Copy out, exactly as written, only the line containing "Some of the words" and the lines after it through the end of the records.

Available records
= Beginning of Section =
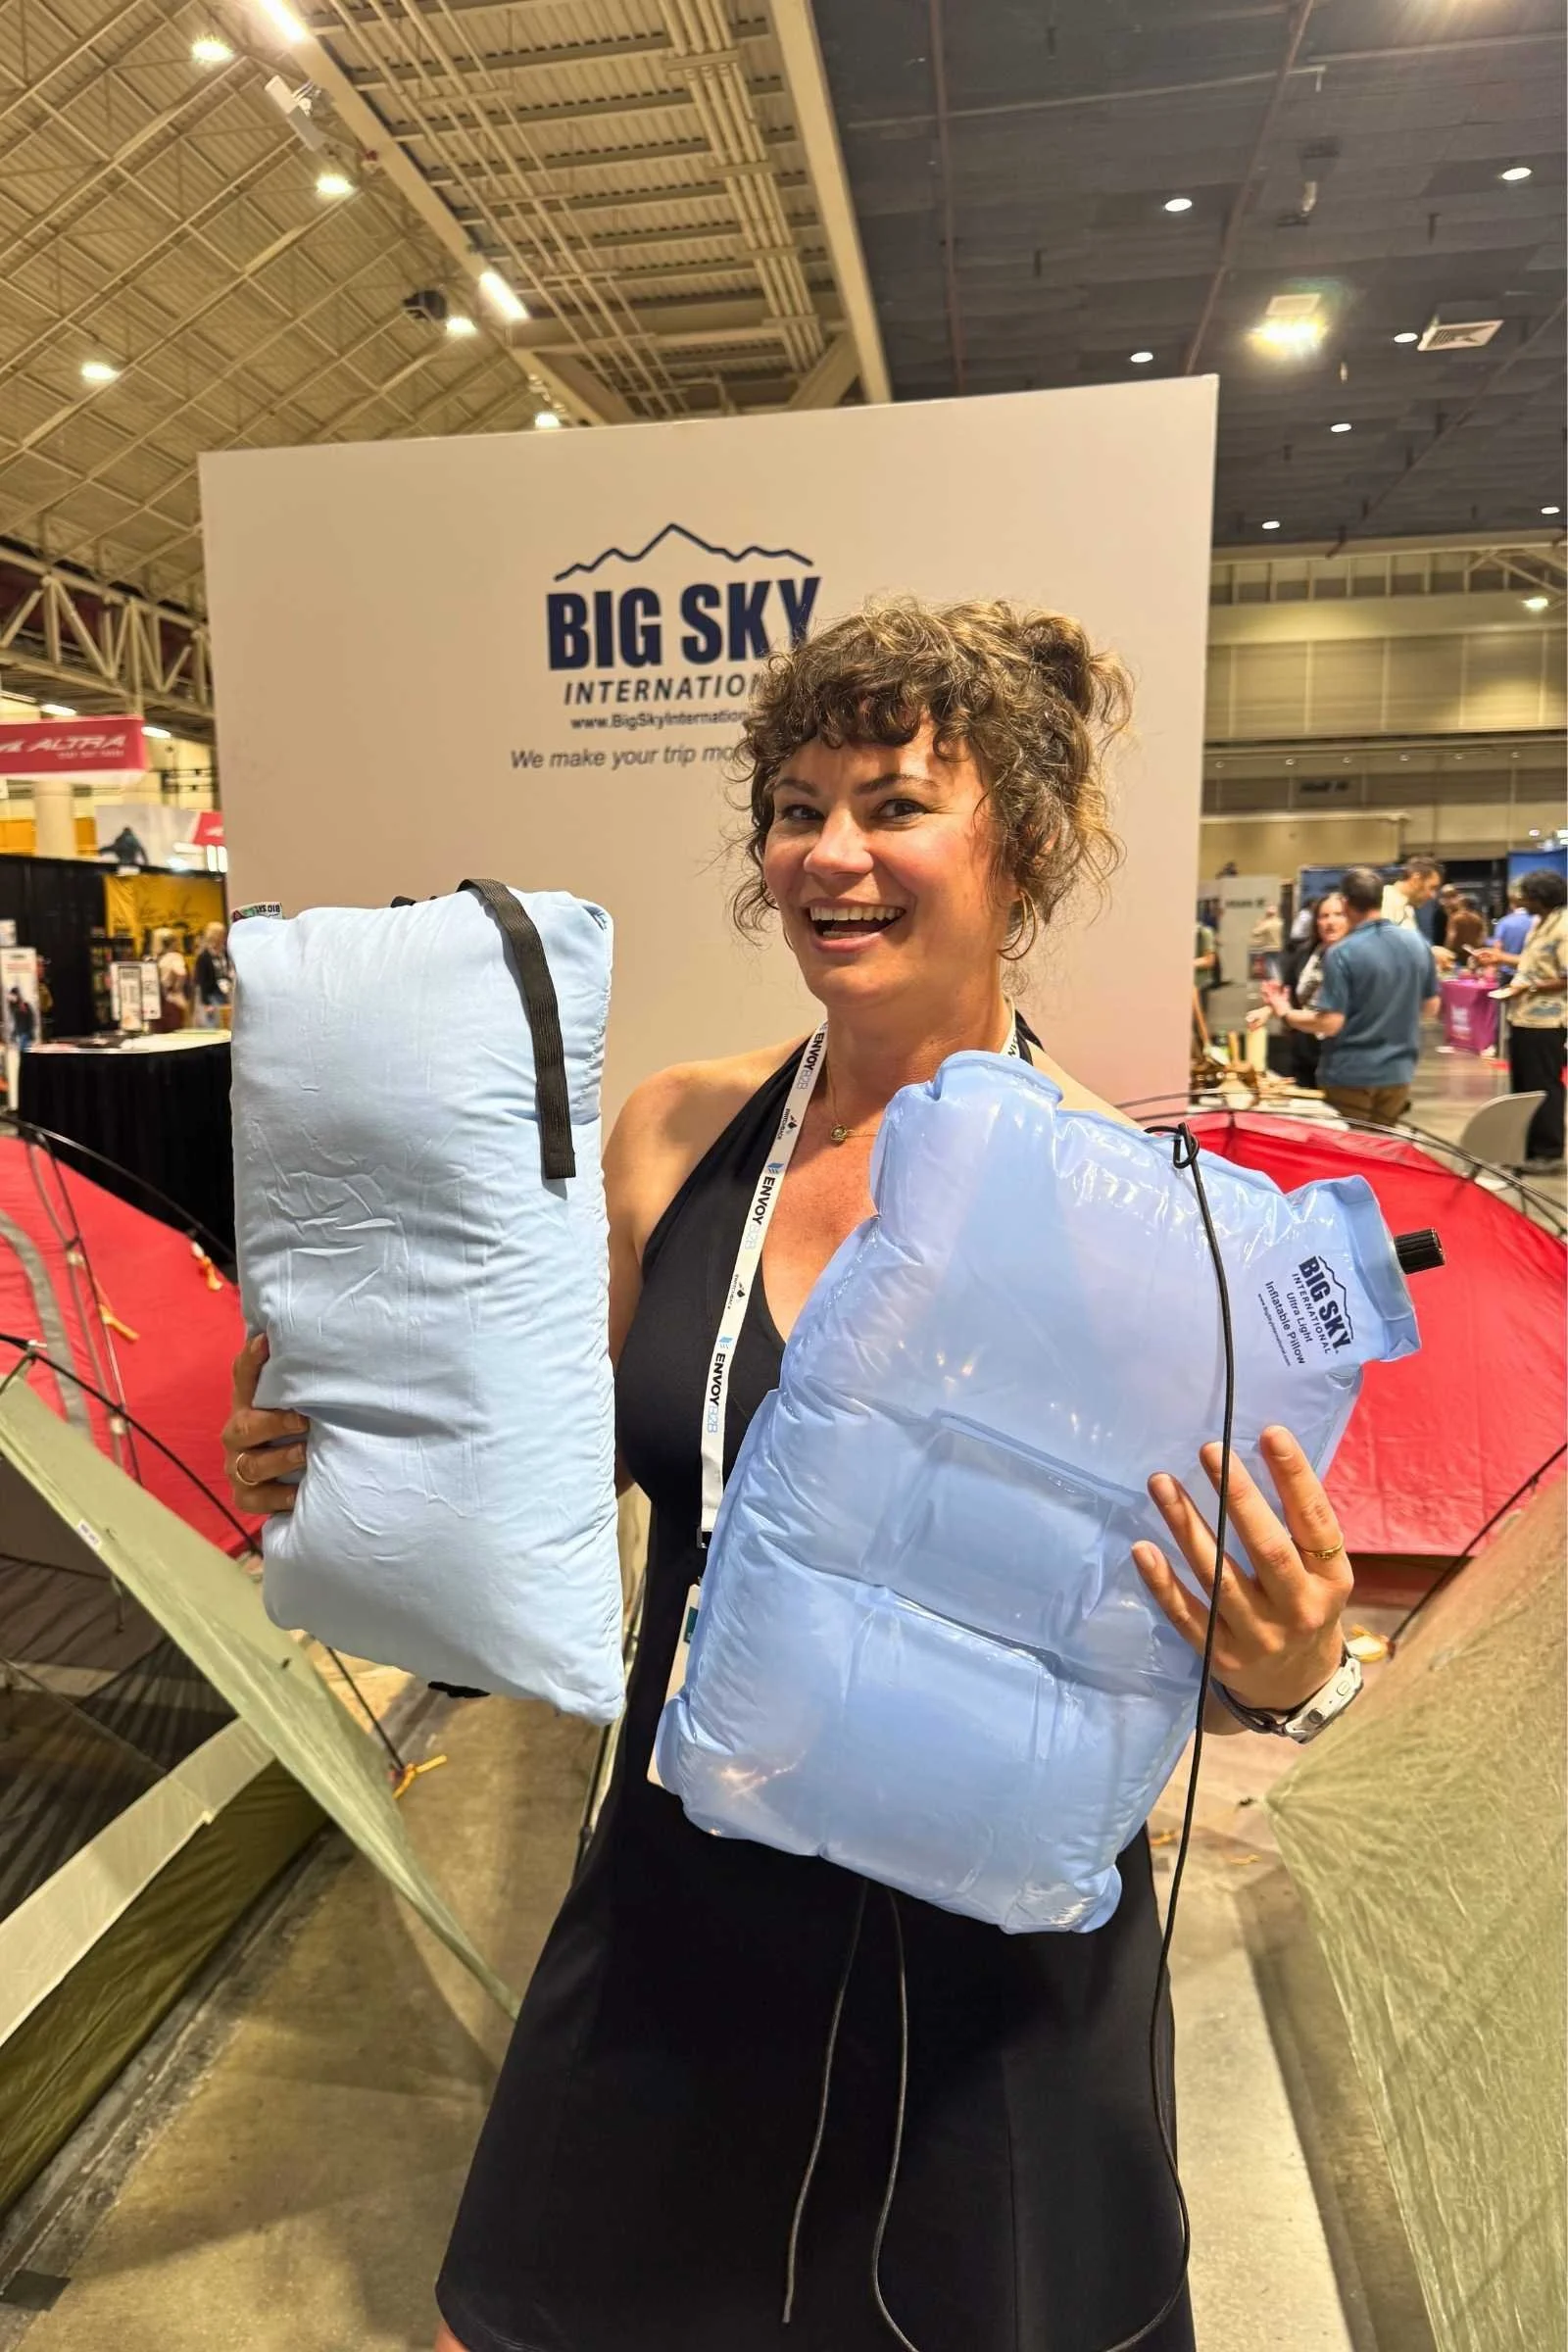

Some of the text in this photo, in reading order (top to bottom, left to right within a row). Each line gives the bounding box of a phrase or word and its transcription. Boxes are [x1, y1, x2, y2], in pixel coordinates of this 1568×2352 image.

[547, 576, 821, 671] BIG SKY
[26, 734, 126, 753] ALTRA
[510, 750, 544, 770] We
[549, 748, 605, 768] make
[612, 748, 659, 771] your
[662, 743, 697, 766] trip
[1265, 1281, 1305, 1364] Inflatable Pillow
[1286, 1292, 1313, 1343] Ultra Light
[1292, 1273, 1331, 1354] INTERNATIONAL
[1298, 1255, 1351, 1349] BIG SKY
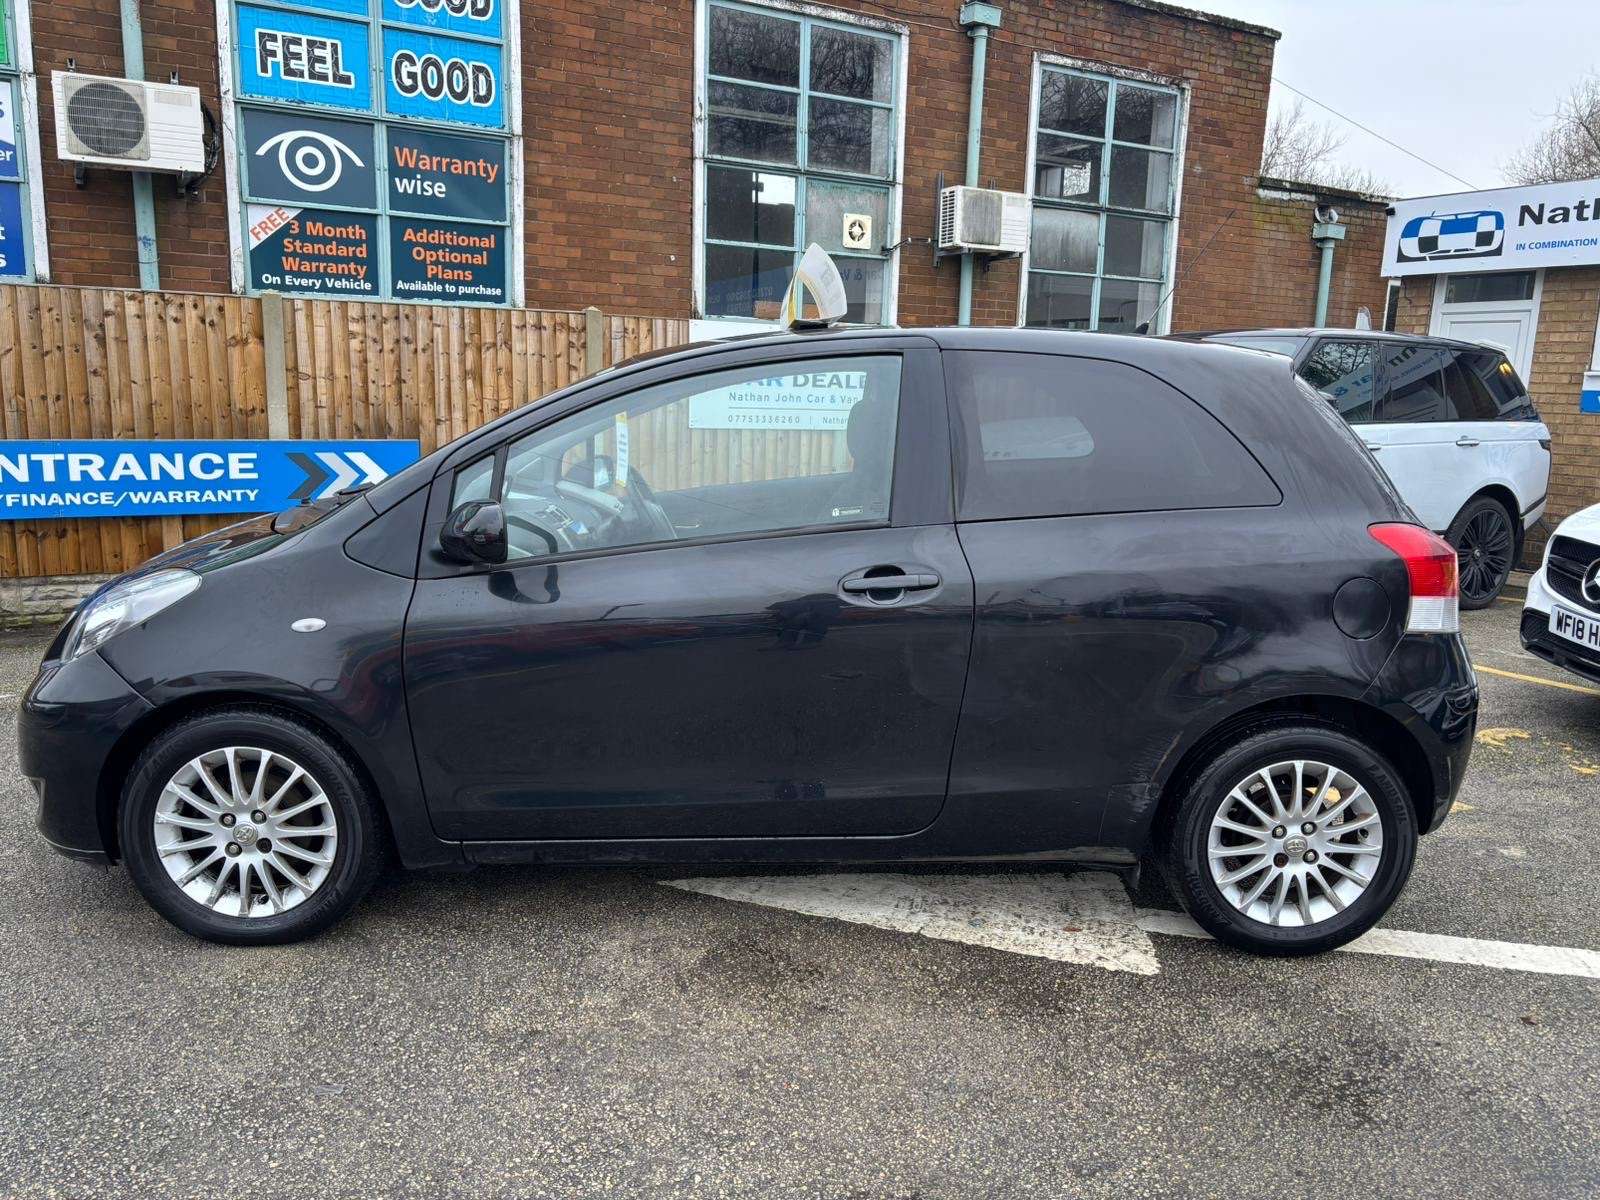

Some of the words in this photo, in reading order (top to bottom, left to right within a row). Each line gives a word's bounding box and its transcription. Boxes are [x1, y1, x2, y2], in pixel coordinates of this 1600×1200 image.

[256, 29, 354, 87] FEEL
[393, 51, 494, 106] GOOD
[394, 146, 499, 183] Warranty
[394, 174, 446, 198] wise
[249, 207, 290, 241] FREE
[289, 219, 300, 234] 3
[306, 221, 367, 240] Month
[283, 238, 367, 258] Standard
[403, 228, 496, 249] Additional
[1515, 242, 1526, 251] IN
[1528, 238, 1598, 250] COMBINATION
[412, 246, 488, 265] Optional
[281, 256, 367, 279] Warranty
[426, 264, 474, 281] Plans
[261, 273, 280, 285] On
[285, 275, 321, 289] Every
[326, 278, 372, 290] Vehicle
[396, 280, 443, 292] Available
[445, 284, 456, 293] to
[458, 285, 502, 297] purchase
[728, 391, 770, 402] Nathan
[775, 393, 802, 403] John
[806, 394, 825, 403] Car
[1556, 610, 1585, 641] WF18
= End of Section =
Exercise result
Some of the words in this photo, in reading order (top to bottom, left to right within a row). Each line gives a word's bounding box and its transcription. Boxes are [x1, y1, x2, y2], in pixel coordinates of this 1600×1200 image.

[256, 29, 354, 87] FEEL
[393, 51, 494, 106] GOOD
[394, 146, 499, 183] Warranty
[394, 174, 446, 198] wise
[249, 207, 290, 241] FREE
[289, 219, 300, 234] 3
[306, 221, 367, 240] Month
[283, 238, 367, 258] Standard
[403, 228, 496, 249] Additional
[1515, 242, 1526, 251] IN
[1528, 238, 1598, 250] COMBINATION
[412, 246, 488, 265] Optional
[281, 256, 367, 279] Warranty
[426, 264, 474, 281] Plans
[261, 273, 280, 285] On
[285, 275, 321, 289] Every
[326, 278, 372, 290] Vehicle
[396, 280, 443, 292] Available
[445, 284, 456, 293] to
[458, 285, 502, 297] purchase
[728, 391, 770, 402] Nathan
[775, 393, 802, 403] John
[806, 394, 825, 403] Car
[1556, 610, 1585, 641] WF18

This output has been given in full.